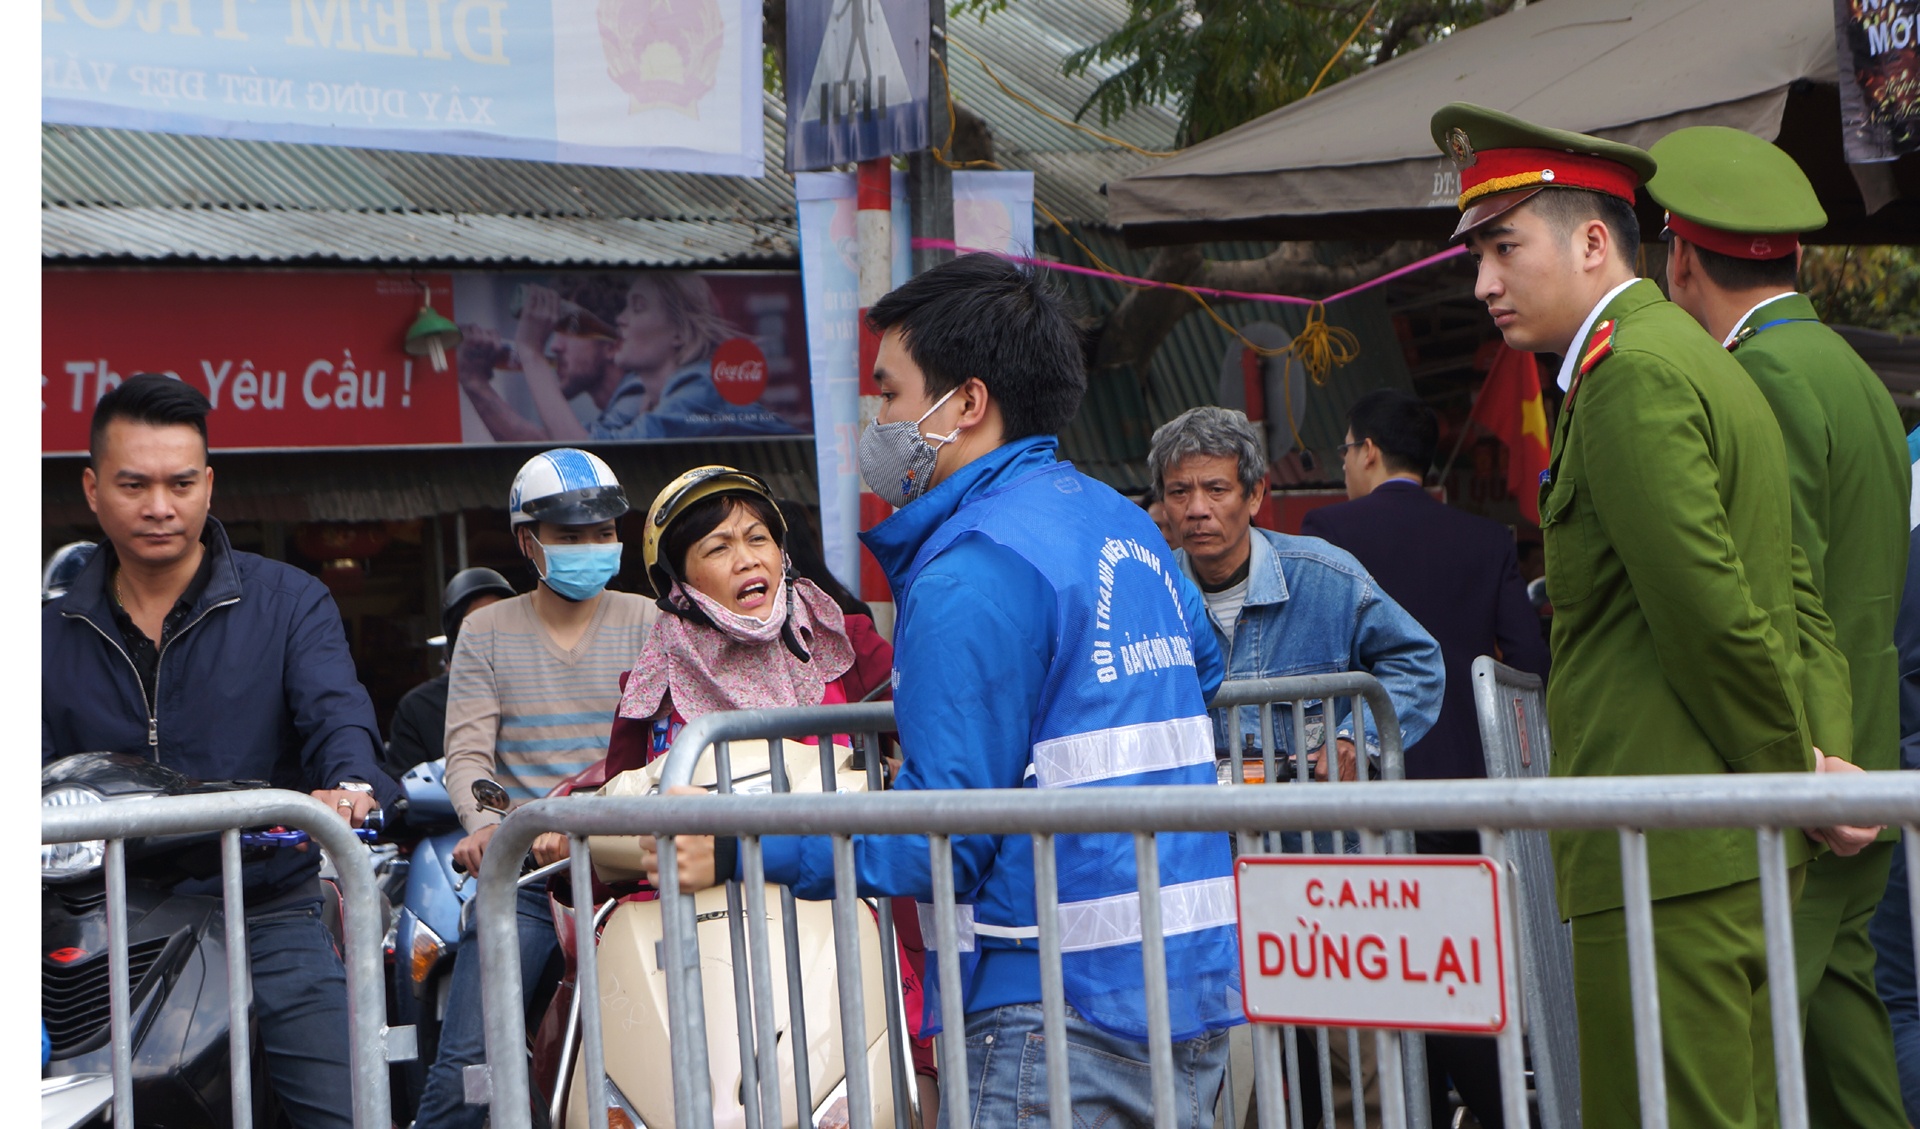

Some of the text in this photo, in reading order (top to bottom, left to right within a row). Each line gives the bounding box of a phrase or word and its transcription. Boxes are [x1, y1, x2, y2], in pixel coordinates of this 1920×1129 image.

[201, 359, 287, 410] Yêu
[302, 348, 387, 410] Cầu
[1096, 559, 1115, 630] THANH
[1306, 878, 1421, 909] C.A.H.N
[1257, 916, 1481, 996] DỪNG LẠI

= = = = =

What this task involves -
Reproduce all of the entries exactly as they appear, though any picture they include must be omitted.

Response to this exercise -
Some of the text in this photo, in reading order (top to bottom, left to right within a row). Each line gives the bounding box of a phrase or word and its transcription. Boxes are [x1, y1, x2, y2], in pixel coordinates of this 1920×1129 image.

[201, 359, 287, 410] Yêu
[302, 348, 387, 410] Cầu
[1096, 559, 1115, 630] THANH
[1306, 878, 1421, 909] C.A.H.N
[1257, 916, 1481, 996] DỪNG LẠI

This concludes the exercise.